LIKE '[A-Z][A-Z][1-4]%'

..but I can't use a regex because this is on Oracle9i (regex support came in 10g).

I am attempting to match something that has two characters before it, then a number between 1 and 4 and that whatever beyond that. I have attempted this, but it doesn't seem to work.
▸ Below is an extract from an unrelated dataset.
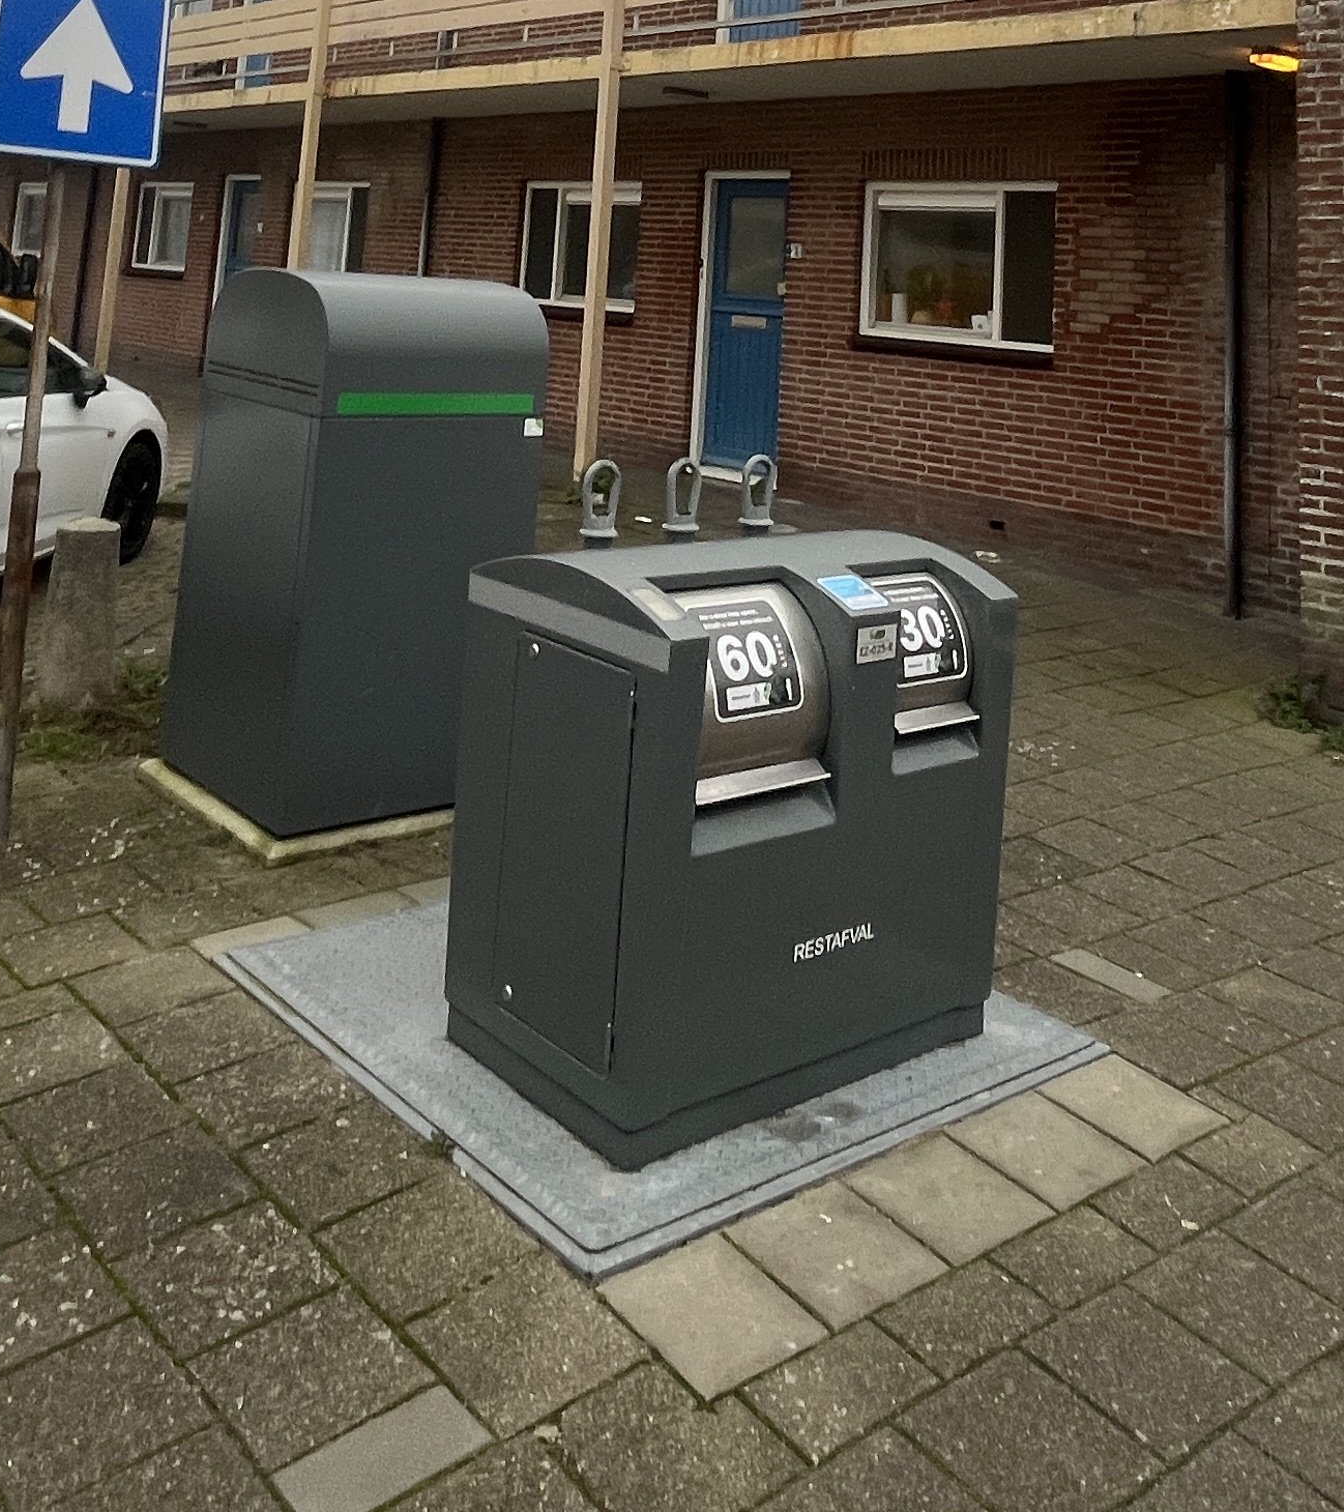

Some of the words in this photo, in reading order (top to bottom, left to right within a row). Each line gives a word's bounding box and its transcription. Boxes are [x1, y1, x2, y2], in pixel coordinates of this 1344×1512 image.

[900, 606, 945, 652] 30
[717, 631, 777, 682] 60
[793, 922, 874, 963] RESTAFVAL
The only way I have been able to get it to work is by doing:

WHERE ...
LIKE '%1__' OR 
LIKE '%2__' OR 
LIKE '%3__' OR 
LIKE '%4__'

I am not sure if the way I would like to do it is possible or the correct way as I have never attempted patterns with the LIKE clause.

Any help you could give would be greatly appreciated.

Answer

Clunky, but perhaps:

select *
  from <your_table>
 where TRANSLATE(SUBSTR(<blah>,1,3),'ABCDEFGHIJKLMNOPQRSTUVWXYZ1234',
                                    'AAAAAAAAAAAAAAAAAAAAAAAAAA1111') = 'AA1';

might suit your needs....

EDIT: Incorporated xlnt suggestion by @Hobo to translate the substring, rather than taking the substring of the translated string...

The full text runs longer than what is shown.